En 2008, les jeux vidéos péchus se déroulant dans l’espace ne garnissaient pas vraiment les rayons. Et le genre du survival horror ne tenait plus qu’à la franchise Resident Evil, alors déclinante, la série Silent Hill s’étant vu boudée par les gamers, plus habitués à shooter des monstres qu’à se prendre la tête sur des intrigues psychologiques. Côté science-fiction, les trois jeux horrifiques à faire référence restaient l’antique System Shock (1994), l’imparfait Doom 3 (2003) et l’uchronique BioShock (2007).

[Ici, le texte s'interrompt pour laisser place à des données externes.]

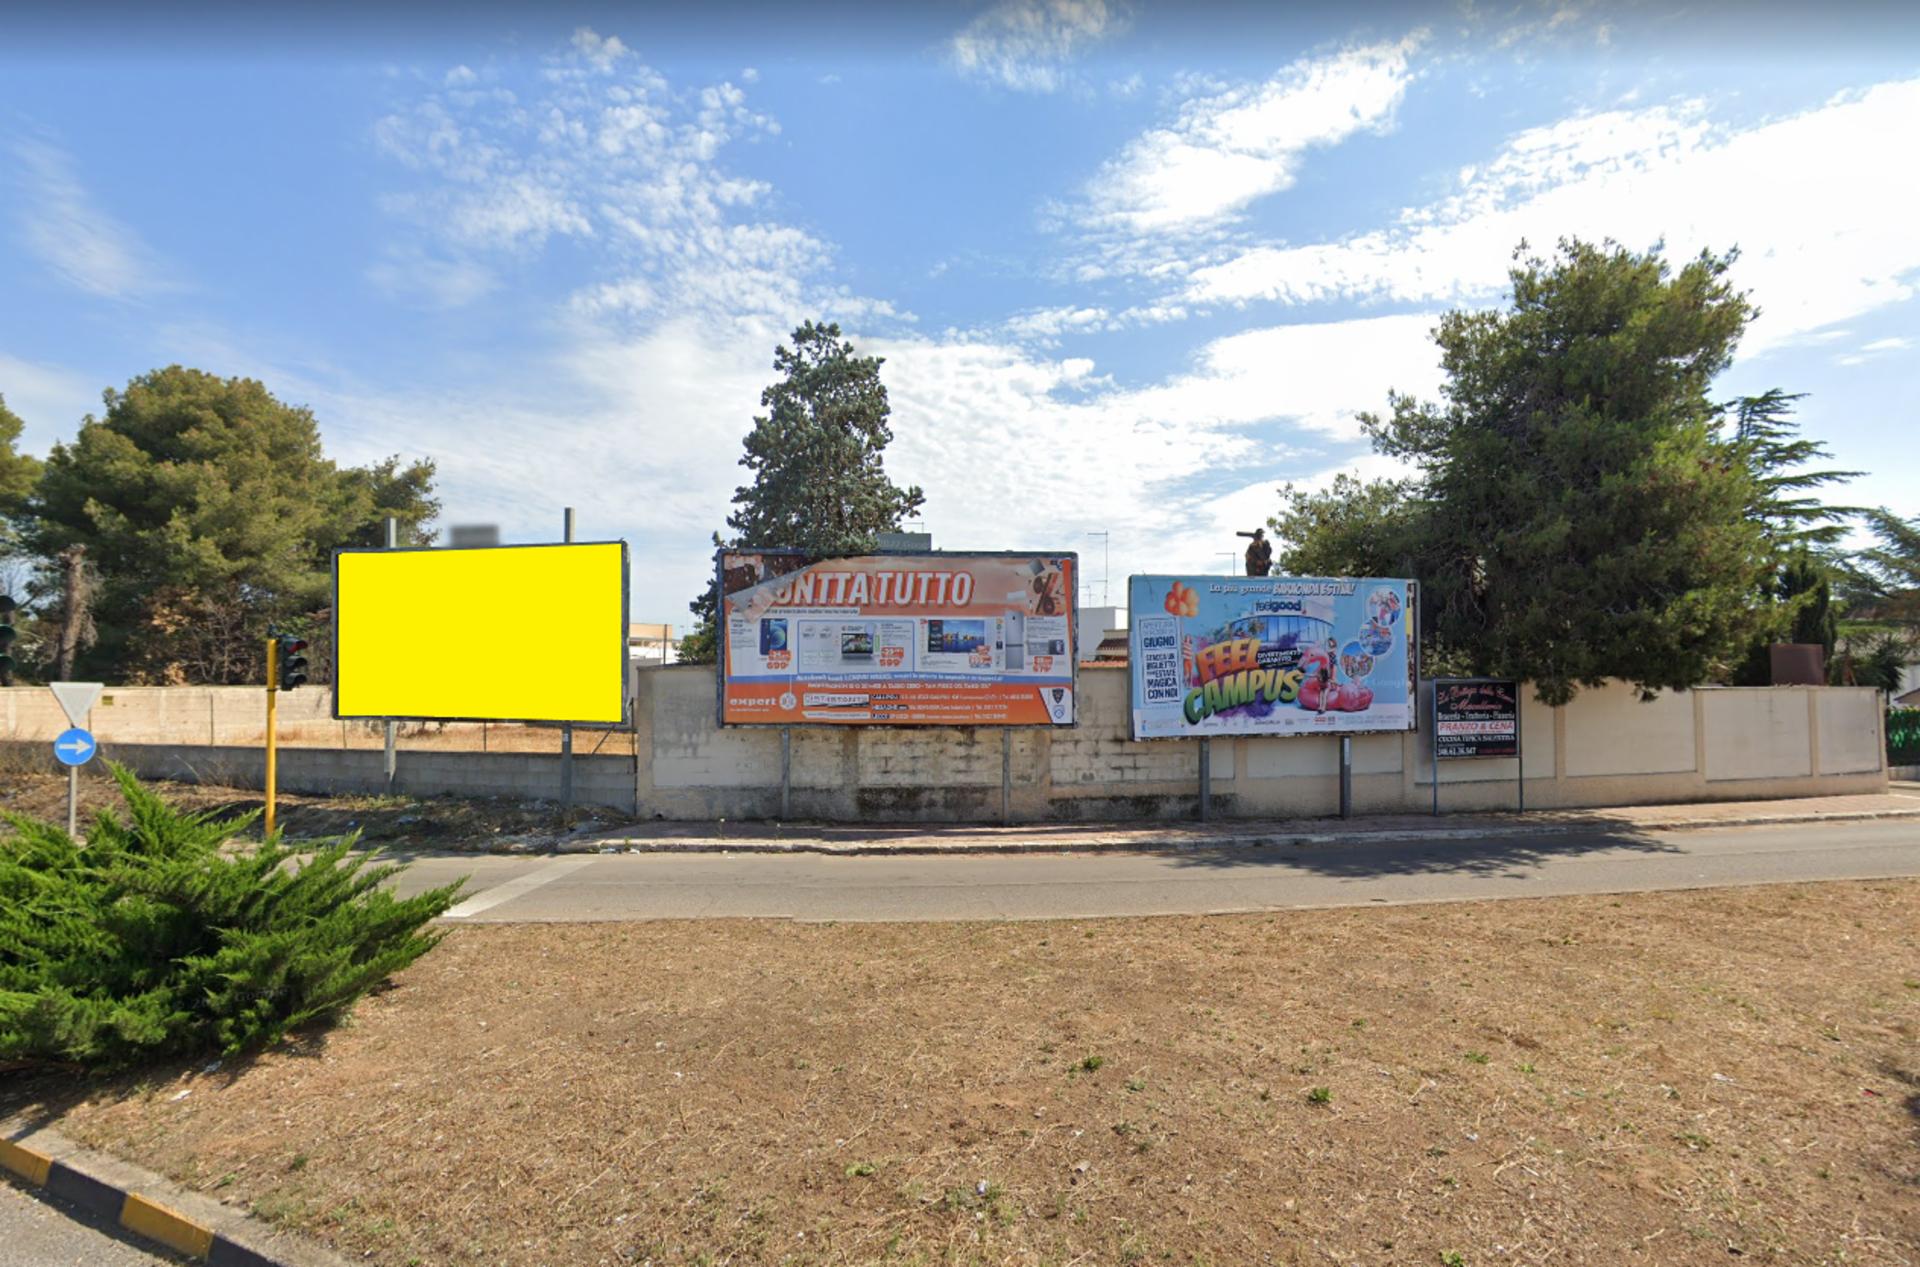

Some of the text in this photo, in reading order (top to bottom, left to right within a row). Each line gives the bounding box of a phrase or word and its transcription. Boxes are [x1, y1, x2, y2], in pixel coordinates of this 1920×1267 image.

[877, 573, 974, 607] TUTTO
[1143, 636, 1175, 648] GIUGNO
[1196, 638, 1261, 683] FEEL
[1147, 677, 1178, 689] MAGICA
[1147, 688, 1178, 700] CON NOI
[1183, 669, 1304, 725] CAMPUS
[730, 698, 777, 707] expert
[1439, 720, 1514, 732] PRANZO & CENA

C’est alors que pouf pouf comme ça, EA Games nous pondit ce Dead Space sorti un peu de nulle part. Un survival horror en third person shooter, plus proche de Resident Evil 4 dans son système de jeu que de la first person tuerie Doom. Et le jeu fit clairement la différence. Les déçus de Doom 3 y trouvèrent leur nouvelle référence et le jeu devint un hit de vente, engendrant dans son sillage, spin-off en comics et film d’animation.

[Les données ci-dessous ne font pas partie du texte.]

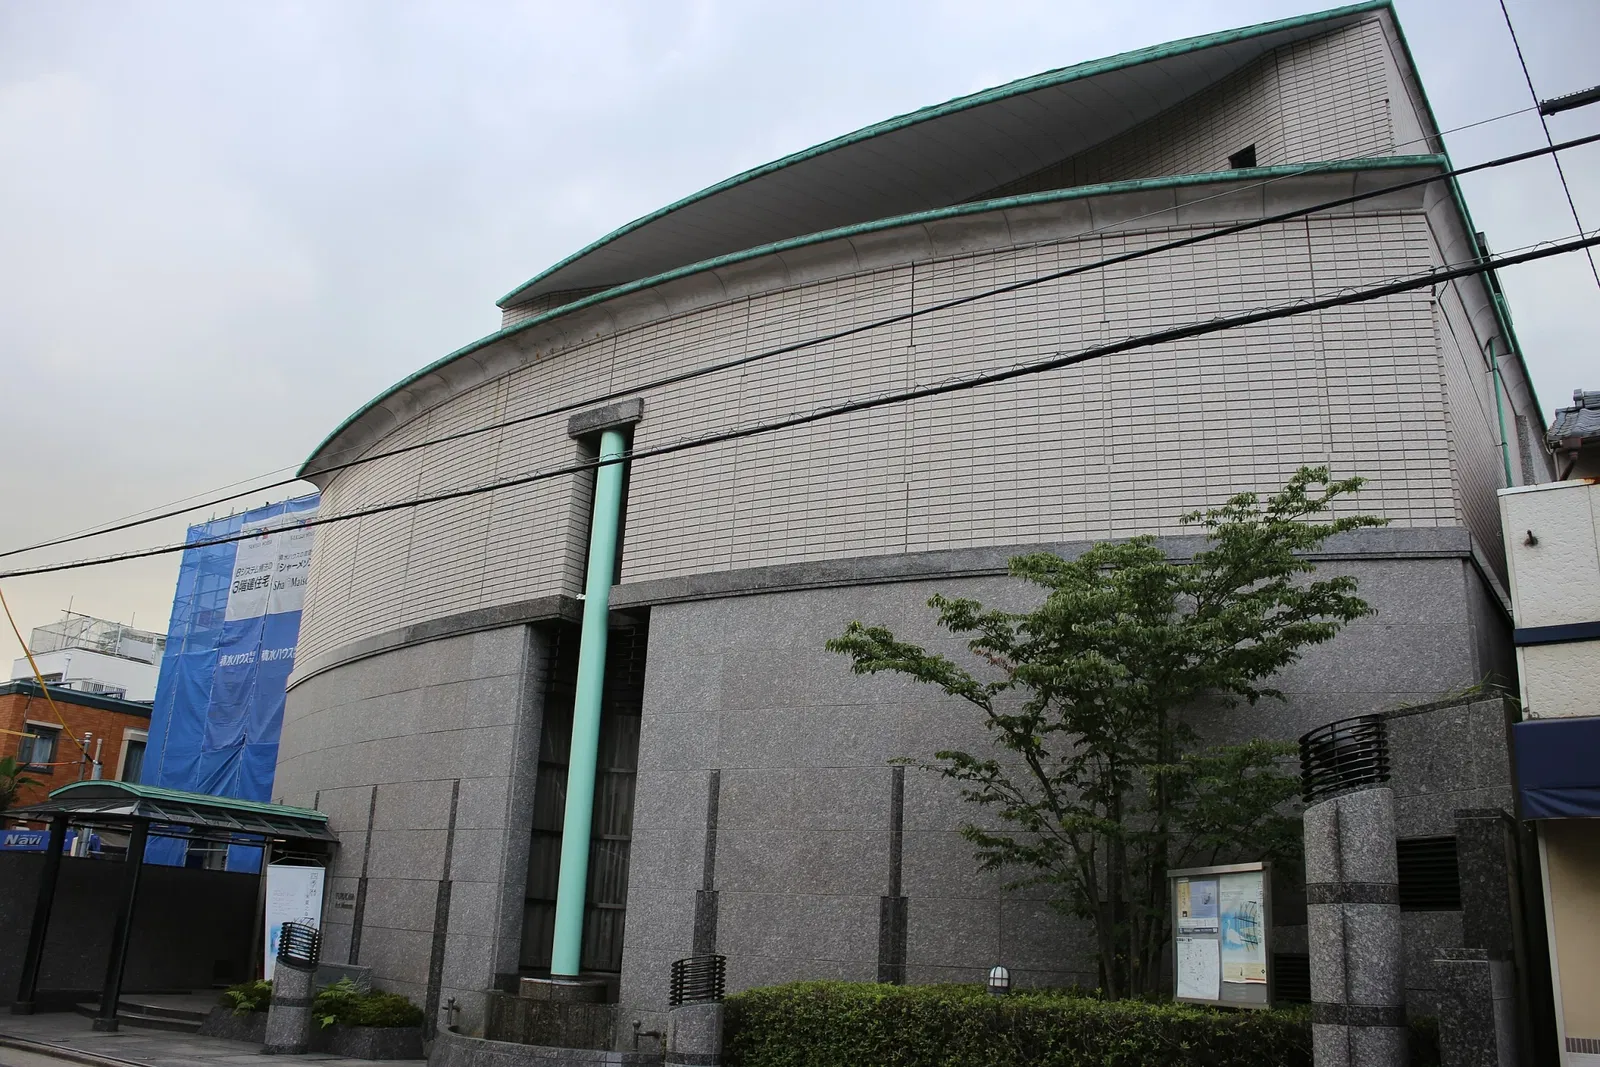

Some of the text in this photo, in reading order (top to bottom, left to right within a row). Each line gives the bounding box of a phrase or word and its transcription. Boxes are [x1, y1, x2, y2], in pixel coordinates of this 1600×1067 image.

[232, 574, 271, 594] 3階建住宅
[4, 834, 42, 845] Navi
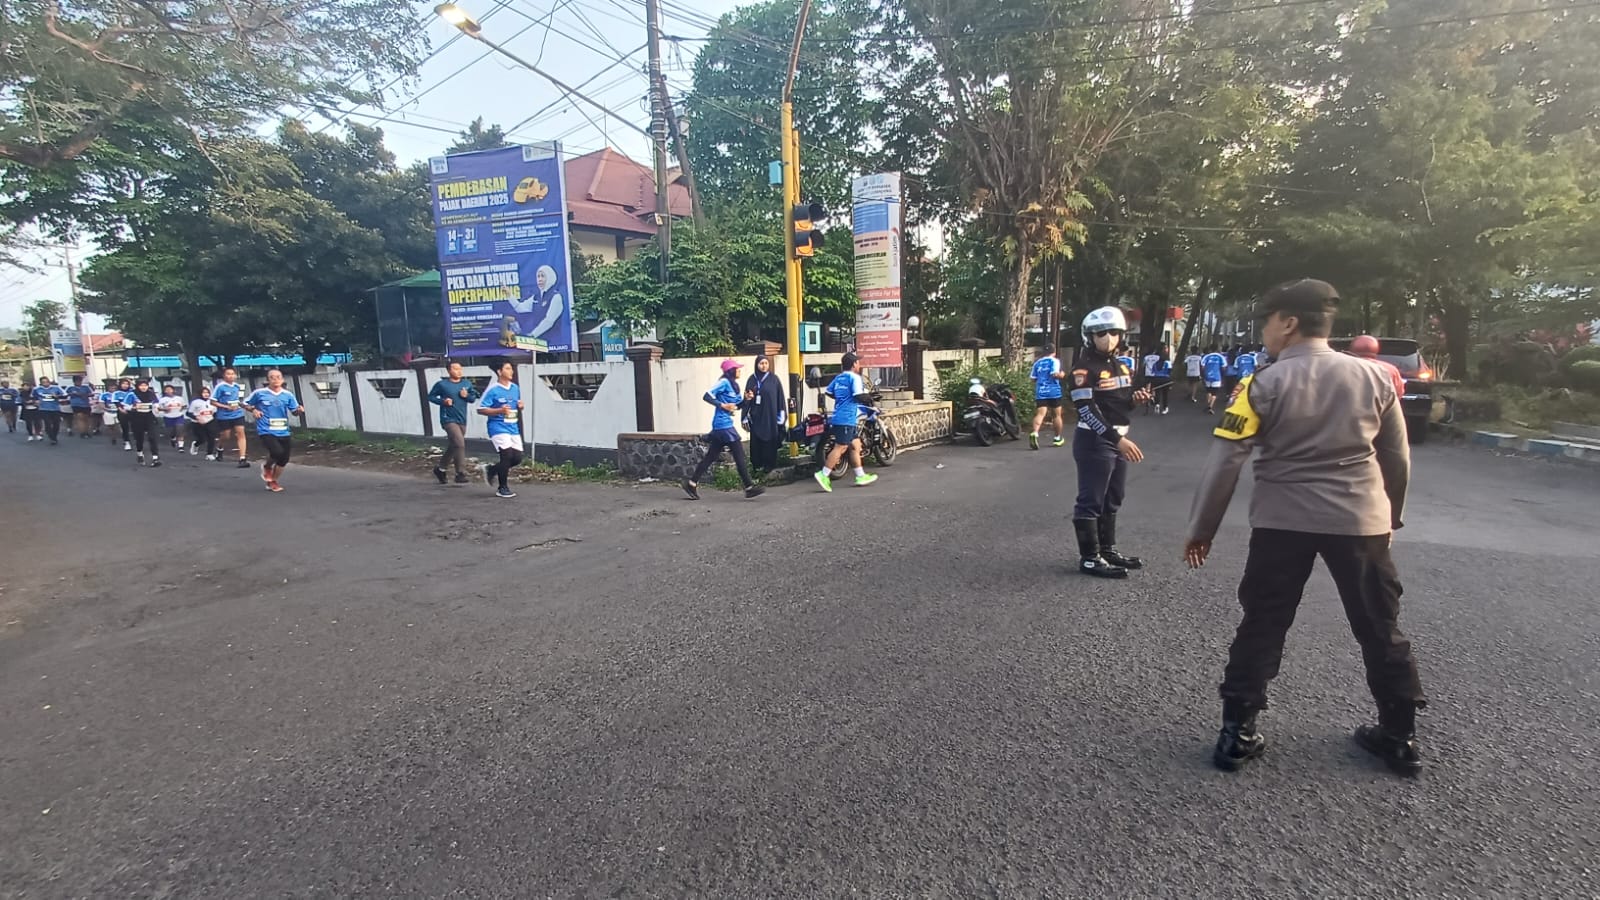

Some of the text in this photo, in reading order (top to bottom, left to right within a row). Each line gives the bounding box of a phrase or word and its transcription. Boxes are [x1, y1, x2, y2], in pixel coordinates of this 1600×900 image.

[440, 199, 460, 211] PAJAK
[489, 193, 508, 206] 2025
[448, 230, 456, 241] 14
[465, 228, 474, 240] 31
[447, 276, 466, 290] PKB
[466, 274, 486, 288] DAN
[1078, 405, 1107, 435] DISHUB

Pourtant l’histoire du jeu n’a rien de révolutionnaire. L’intrigue prend place en 2508 (donc pas tout à fait après-demain). Dans ce futur lointain, l’humanité a épuisé toutes les ressources terrestres (incroyable qu’elle ait tenue si longtemps vu le climat actuel) et cherche à coloniser d’autres planètes. Des vaisseaux “brise-surface” sont censés extraire des matières premières d’autres planètes, même si cela implique de les détruire (ben ouais, on a déjà flingué une planète, pourquoi s’emmerder à respecter les autres). C’est dans ce contexte que l’un de ces vaisseaux, l’USG Ishimura, perd le contact avec le restant de l’humanité. Une mission de secours est alors envoyée sur le vaisseau, mission dont vous, Isaac Clarke (Isaac Asimov, Arthur C. Clarke, rhô l’hommage de fou pas très subtil !), jeune ingénieur en mal d’amour, faites partie. À votre arrivée, vous découvrez rapidement un vaisseau fantôme, vidé de ses occupants humains, mais plein de créatures nécromorphes toutes droit sorties du film The Thing ou d’une description “indicible” d’un livre de Lovecraft. Jeune et con comme vous êtes, vous voilà séparé de vos compagnons et obligé d’explorer seul le vaisseau à la recherche de votre épouse, qui faisait partie de l’équipage de l’Ishimura. Quelques incompréhensions et autres écarts de conduite avec les créatures et une phase bien casse-couille de tir sur astéroïdes plus tard, vous voilà esclave de la gravité, à essayer de comprendre comment un monolithe inconnu a pu changer tout le monde en vilaines gloumoutes pas fana des politesses.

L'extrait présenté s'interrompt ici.